I got my last round of proofs today. I've got to actually apply the corrections tomorrow, print out all the corrected pages, write the files to the CD and mail them back to the plant. We're still waiting on the cover design to come back. I hope it turns out the way I had imagined it. I turned in the DVD yesterday and finalized a simple design for it. I need to start working on the "policy guide" for my independent study so that it can be presented to my successors at the camp we're planning for the fall. I already know what I want to include in it. It's just a matter of actually putting it together. I'm not sure exactly how I want to go about that yet. I hope it will be useful to them. The only problem will be if they don't go with Herff Jones next year because that's what the guide will be tailored to. I hope they don't switch it up. Bess is an amazing representative and they do so much for our publication that we wouldn't get with any other company. I know I'm about to graduate, but I'm genuinely worried about the future of the Palladium. I'm afraid my successors will get overwhelmed and/or let the staff walk all over them. I'm afraid the Publications Board will succeed in their attempts to move it to another department, even with the disapproval of Dr. P standing in their way. And I'm afraid that the school will accept a bid from another publication that will end up doing the same thing Jostens did 3 years ago. A part of me wishes that they could create a permanent position where I could do what I'm doing now, only with more control of the publication...kind of like being the advisor without being a professor. That would be a pretty nifty starter job, but what with proration and the budgets being cut I know it won't happen. But it would be nice to stay in Troy for a little while longer.

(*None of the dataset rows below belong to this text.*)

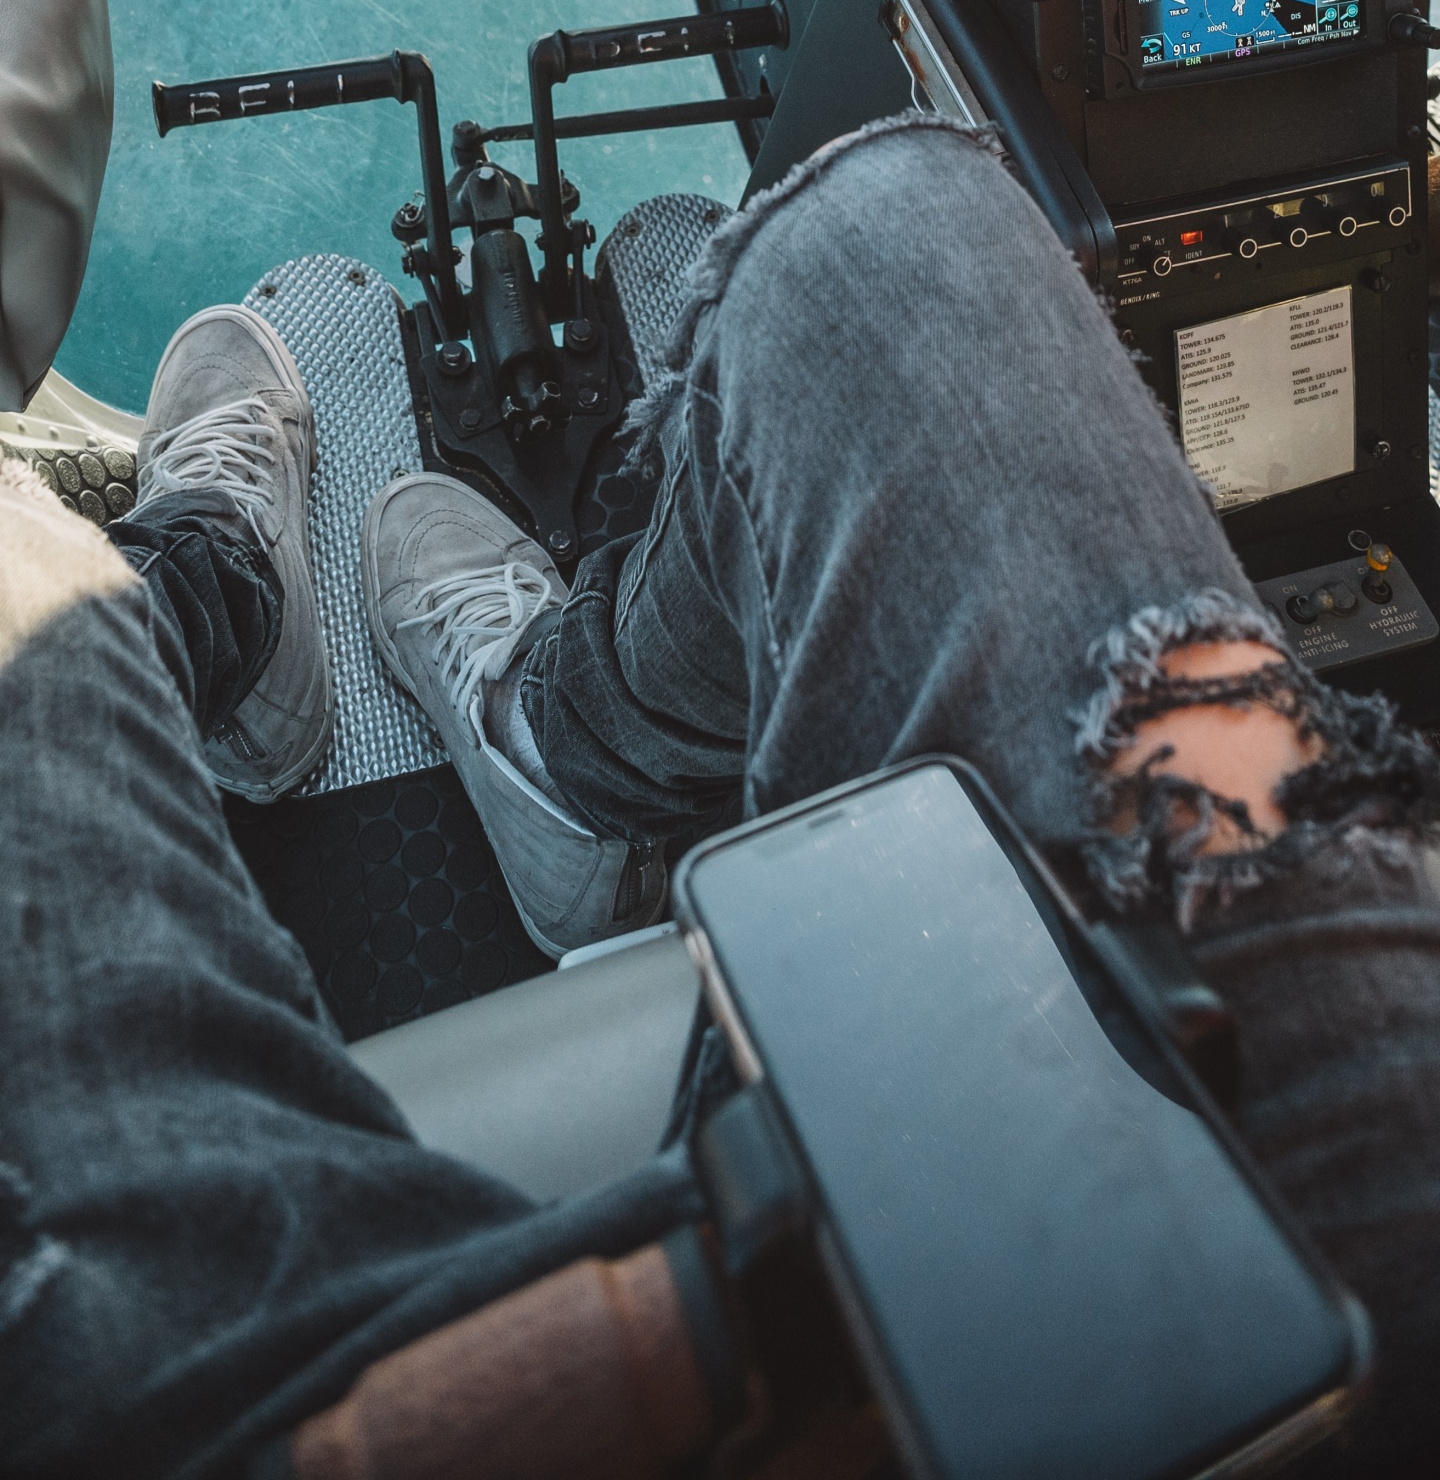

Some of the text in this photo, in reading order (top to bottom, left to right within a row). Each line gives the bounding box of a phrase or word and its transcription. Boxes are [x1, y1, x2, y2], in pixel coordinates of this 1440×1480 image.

[1304, 23, 1316, 33] NM
[1343, 20, 1356, 28] Out
[1173, 44, 1201, 56] 91 KT
[1235, 48, 1251, 58] GPS
[1144, 55, 1162, 64] Back
[1185, 57, 1201, 66] ENR
[1155, 238, 1165, 246] ALT
[1185, 251, 1202, 260] IDENT
[1120, 291, 1160, 305] BENDIX/KING
[1290, 312, 1311, 321] TOWER:
[1290, 319, 1320, 331] ATIS: 135.0
[1179, 332, 1194, 340] KOPF
[1290, 330, 1316, 341] GROUND:
[1180, 334, 1226, 350] TOWER: 134.675
[1291, 338, 1323, 350] CLEARANCE:
[1196, 348, 1211, 356] 125.9
[1181, 352, 1231, 370] GROUND: 120.025
[1182, 367, 1215, 380] LANDMARK:
[1182, 379, 1210, 389] Company:
[1293, 376, 1314, 386] TOWER:
[1293, 387, 1307, 395] ATIS:
[1294, 389, 1338, 405] GROUND: 120.45
[1185, 407, 1207, 416] TOWER:
[1186, 425, 1212, 435] GROUND:
[1380, 606, 1398, 616] OFF
[1369, 611, 1420, 630] HYDRAULIC
[1304, 625, 1322, 636] OFF
[1383, 622, 1417, 637] SYSTEM
[1300, 632, 1337, 649] ENGINE
[1298, 640, 1349, 659] ANTI-ICING
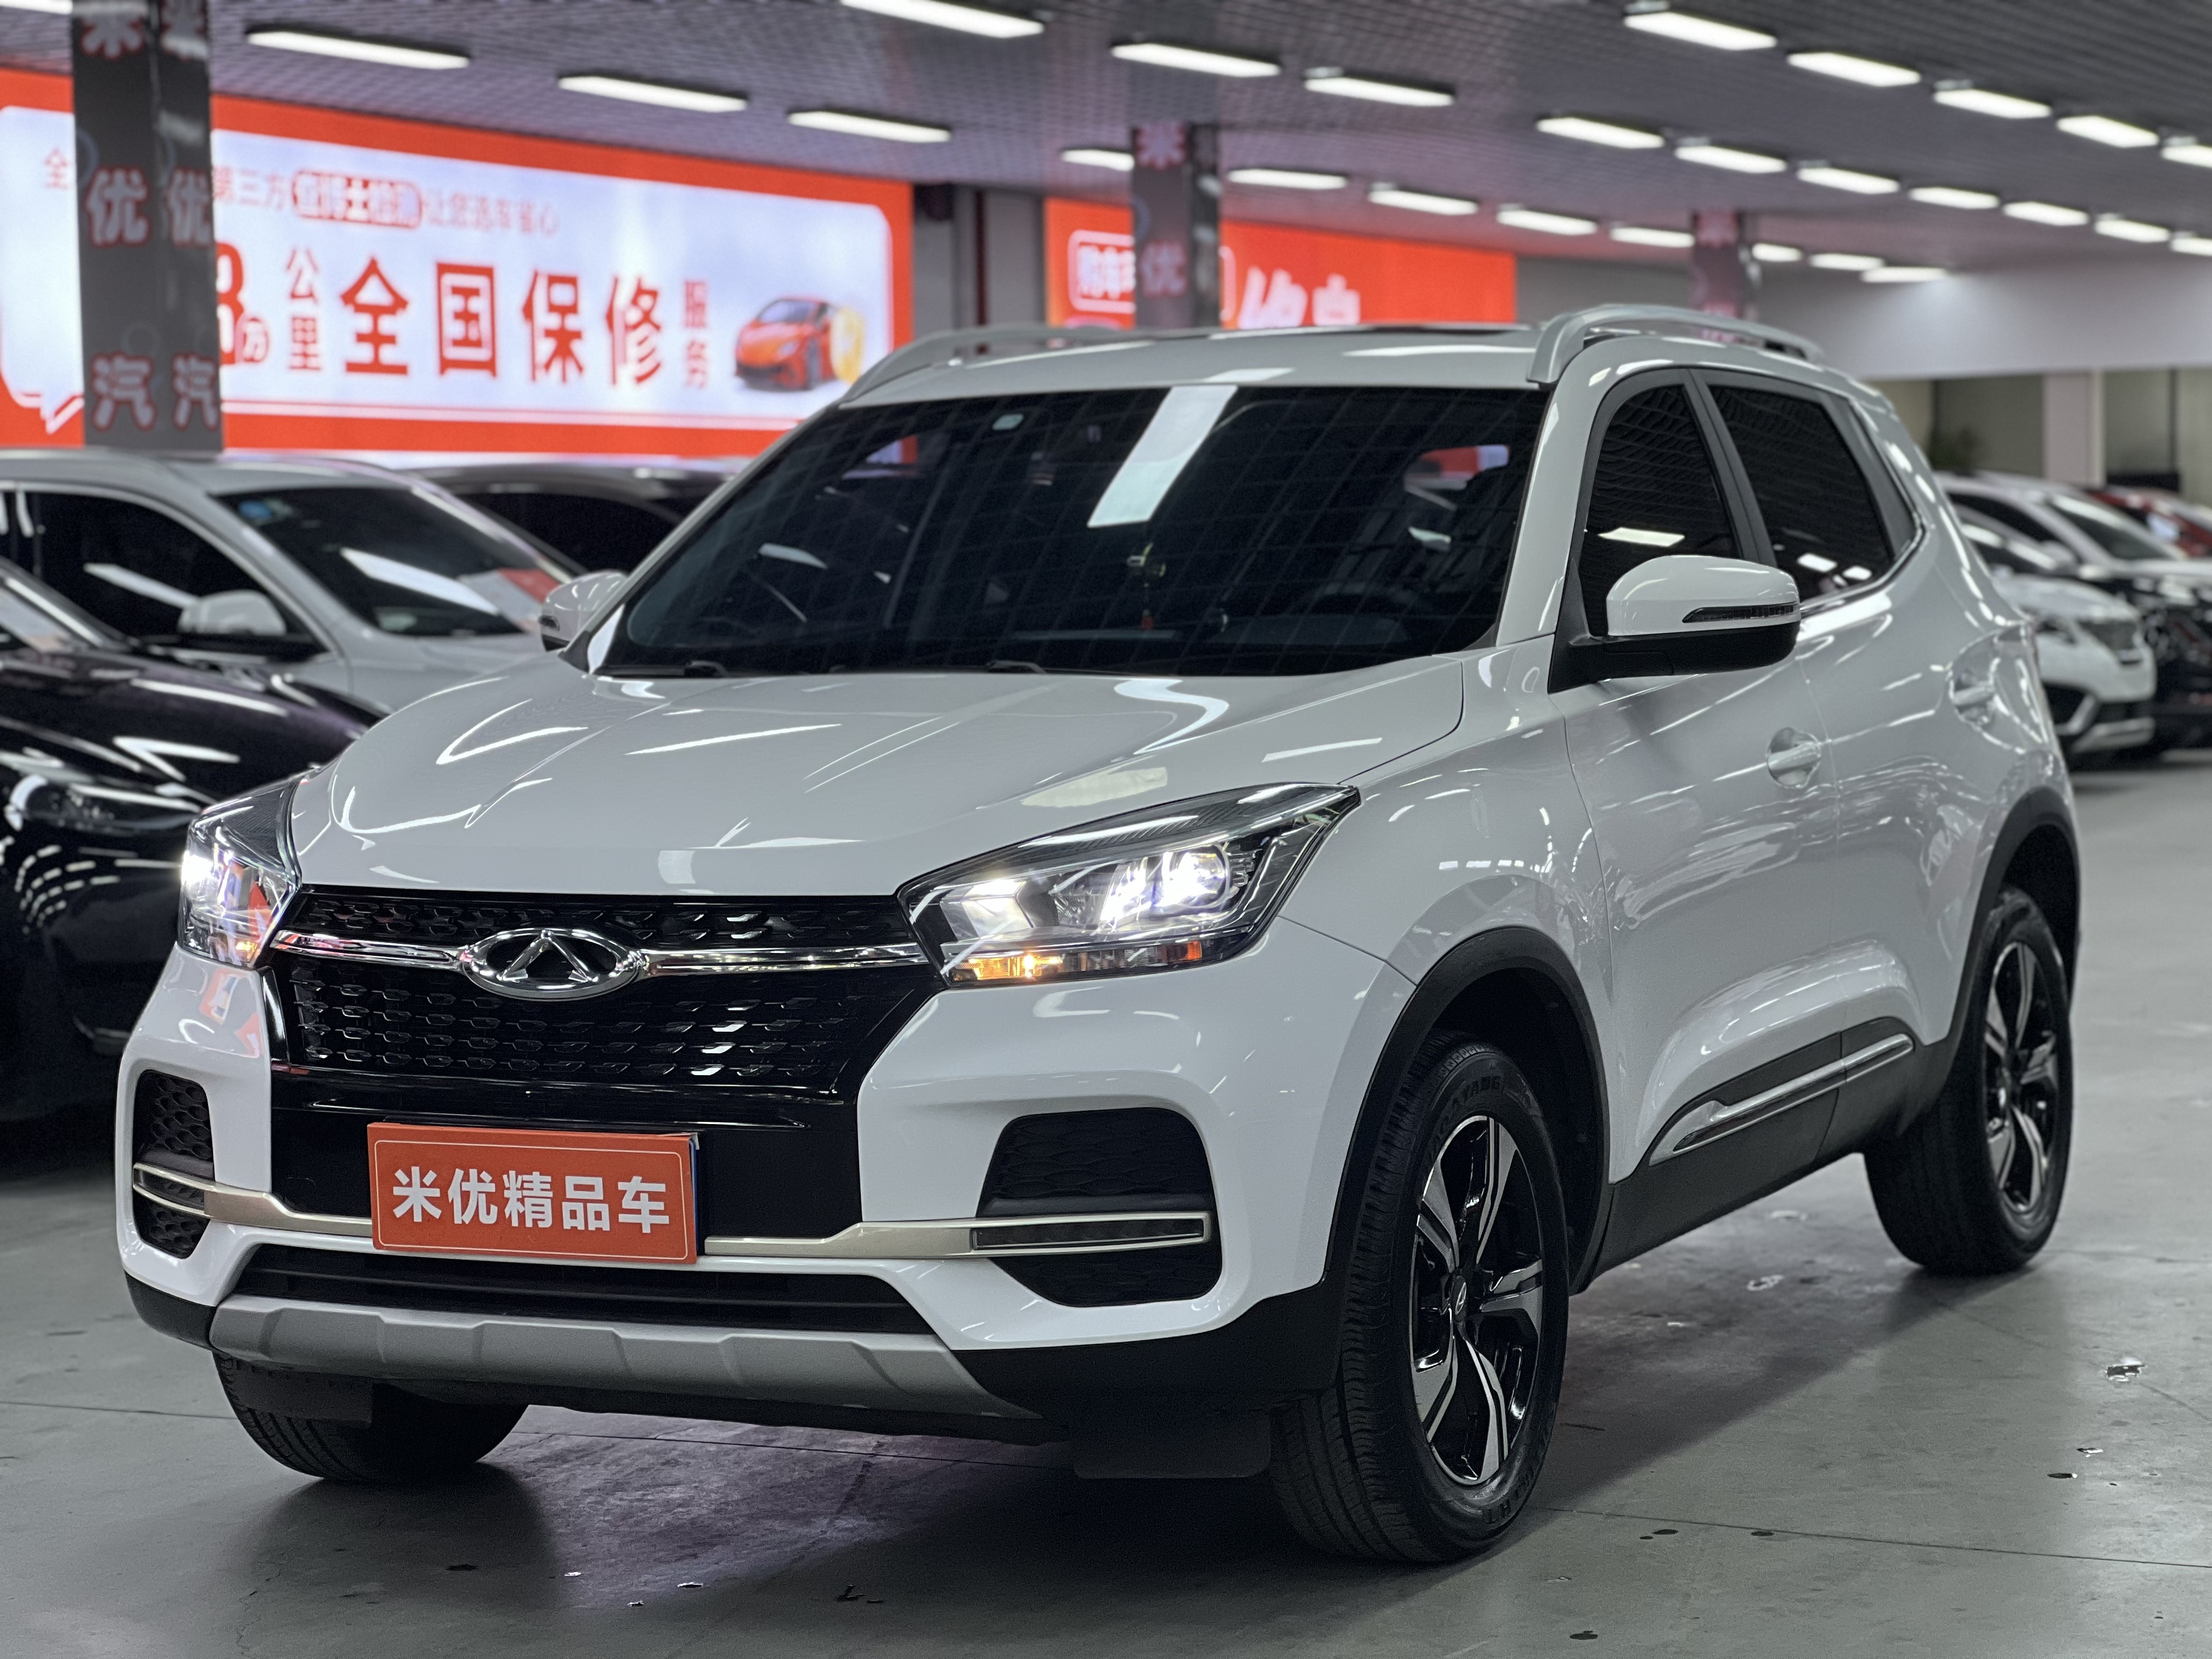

Speaking of jobs, I'm getting pretty freaked out about the lack of response I've had from the dozen or so positions I've applied for. Don't get me wrong, I have faith that everything will work out the way it's supposed to and I'll end up exactly where I'm meant to be. But just because I have faith doesn't mean I can't be afraid. I just wish I had some idea of where my life will be taking me after graduation. At this point, even a rejection letter/email would give me some peace of mind.